“Apfel” & A List Of Other Fruit Names In German

17 May 2023
By Sarah Angela Almaden
Japanese House
Unsplash: Ryan Arnst

If all the raindrops were apple drops and orange drops, oh what a rain that would be! Oh my goodness gracious, great balls of fire! Now, that type of rain sounds very fruity, terribly painful, and just a bit scary. Tragically, that type of rain doesn’t sound like that’s meant for playing, singing, dancing, or having fun. Instead, that type of rain does sound like the kind that would make for an adventurous, silly bedtime story featuring your favorite fruit bunches.
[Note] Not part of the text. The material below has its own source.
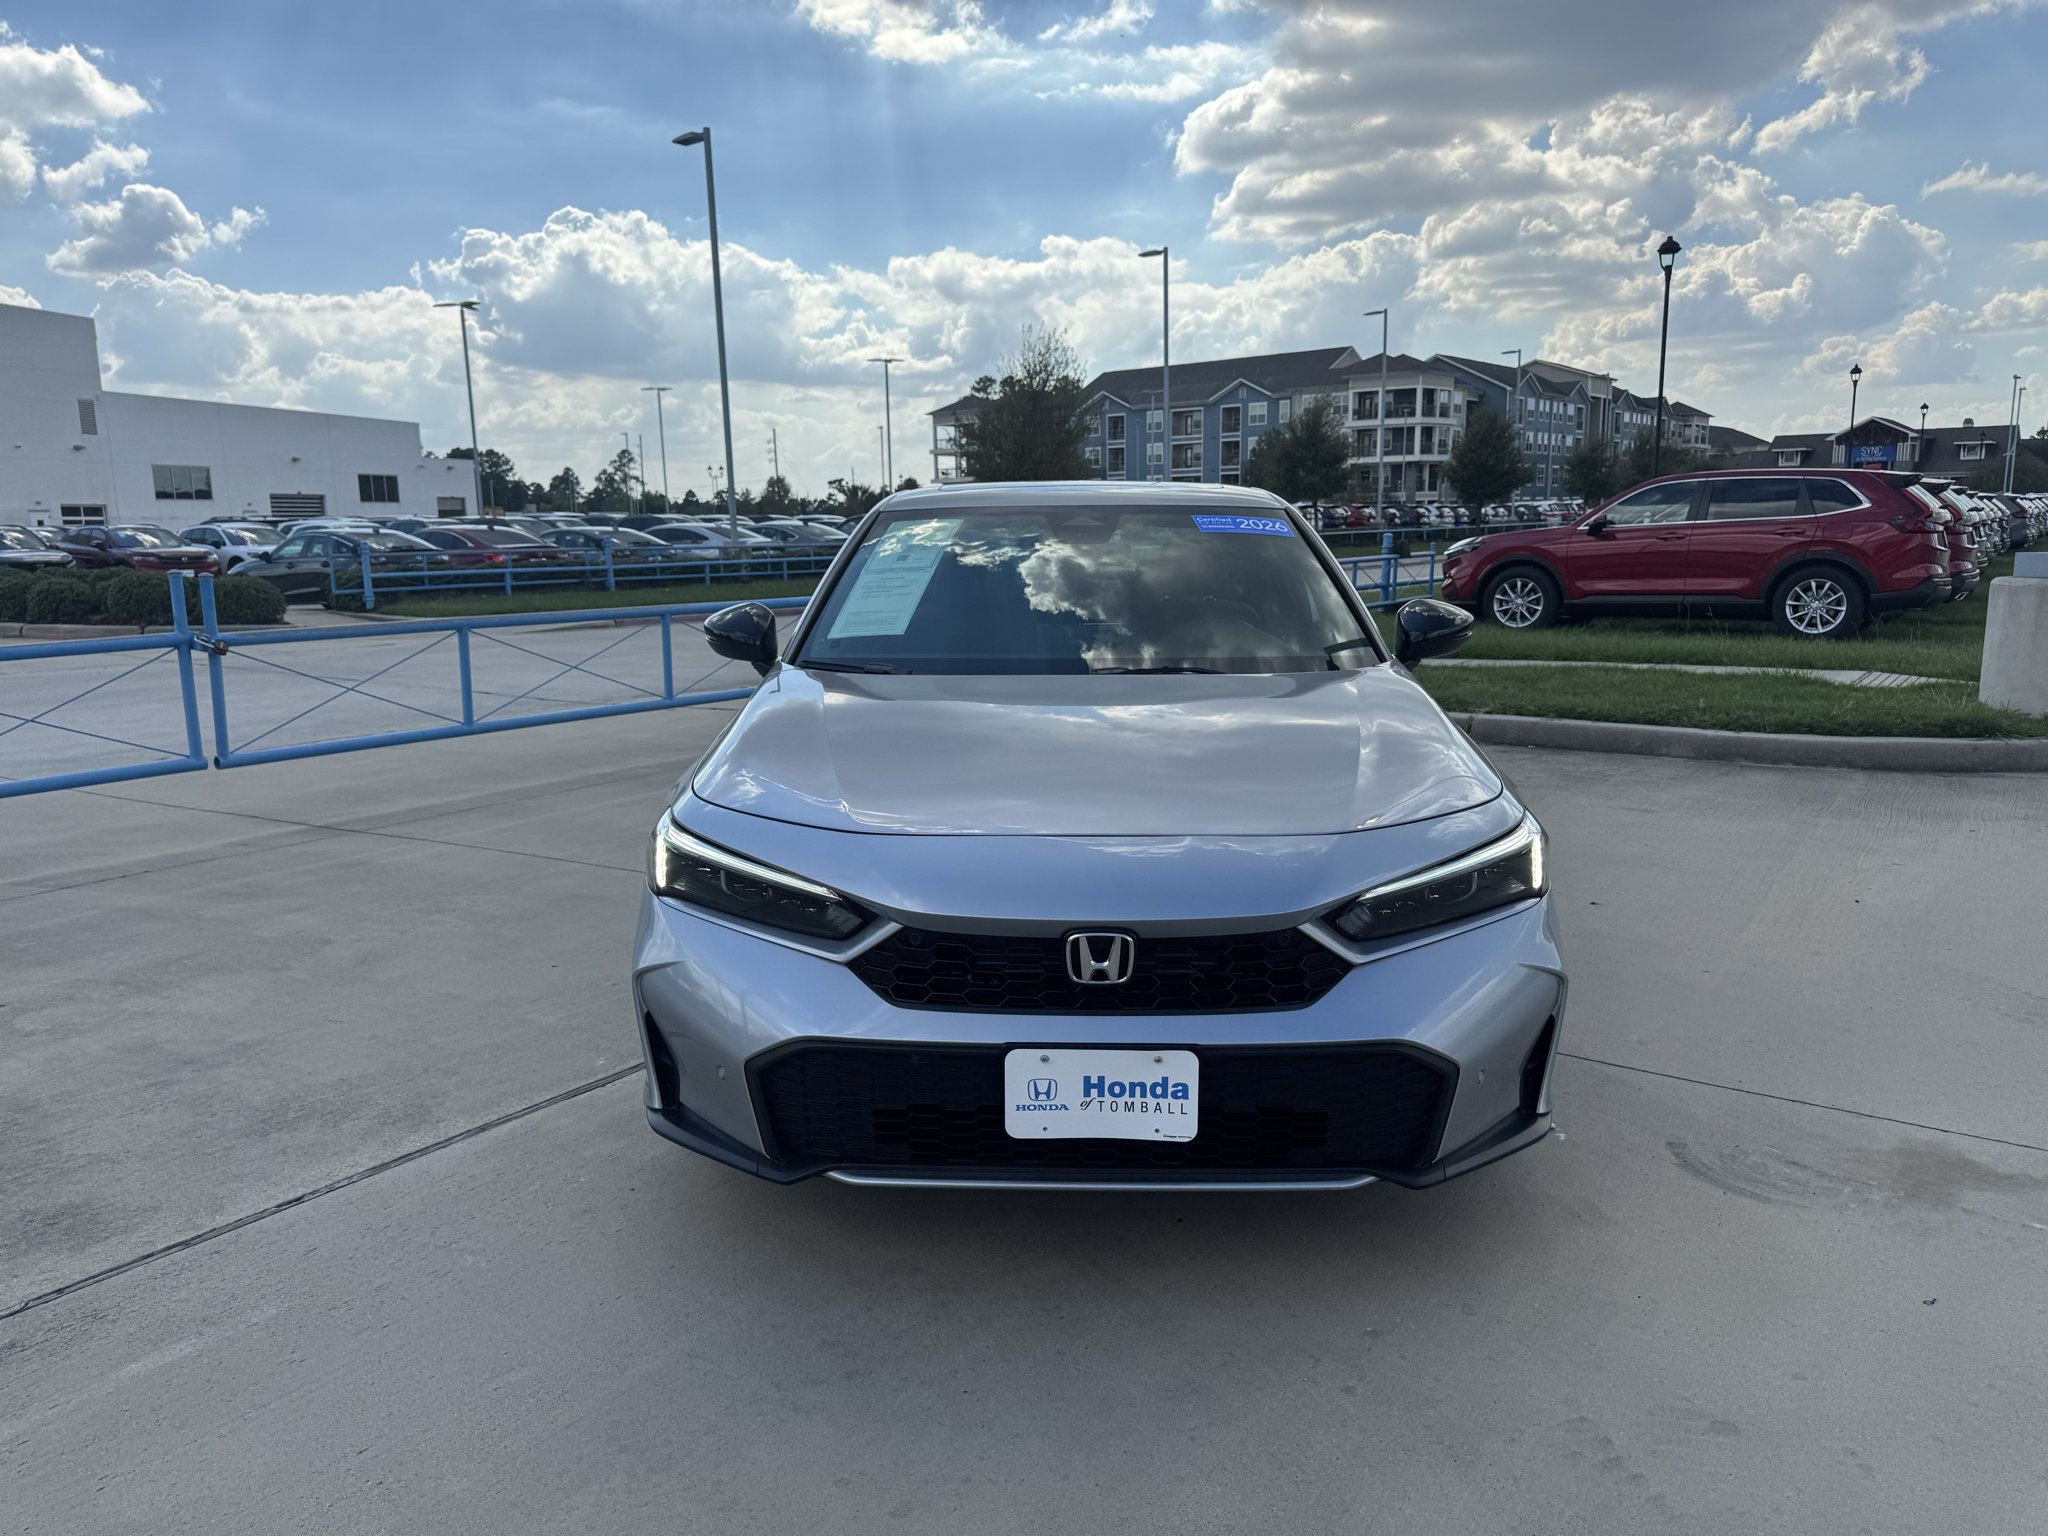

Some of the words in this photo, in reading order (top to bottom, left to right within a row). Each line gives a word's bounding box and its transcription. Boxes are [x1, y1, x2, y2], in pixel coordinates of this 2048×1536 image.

Hmmm, wonder where these wacky gangs of fruits are off to this time: to the beach, to Neverland, or to the supermarket. Eeek. Of course, rather than giving your fruity friends their English names, why not address them in their German names?

    • Apple: Apfel (apfel)
    • Orange: Orange (oranjuh)
    • Mango: Mango (mangoh)
    • Peach: Pfirsich (pfirsick)
    • Pineapple: Ananas (ananas)
    • Apricot: Aprikose (aprikose)
    • Coconut: Kokosnuss (kokosnus)
    • Grape: Traube (trawbeh)
    • Blueberry: Blaubeere (blawbeeruh)
    • Raspberry: Himbeere (himbeeruh)
    • Strawberry: Erdbeere (erdbeeruh)
    • Honeydew: Honigmelone (honiktaw)
    • Watermelon: Wassermelone (vassermelonuh)
    • Avocado: Avocado (avocado)
    • Banana: Banane (banana)
    • Papaya: Papaya (papaya)
    • Cherry: Kirsche (kirsheh)

    Supermarket expressions

    • How much is it: Wie viel kostet es (vee feel kostet es)
    • How many: Wie viele (vee feeluh)
    • Could I have some apples, please: Könnte ich bitte ein paar Äpfel bekommen (konteh ich bitteh ayn paar apfel bekommen)
    • I’d like to order a dozen, please: Ich möchte bitte ein Dutzend bestellen (ich mochtuh bitteh ayn dutzend bestellen)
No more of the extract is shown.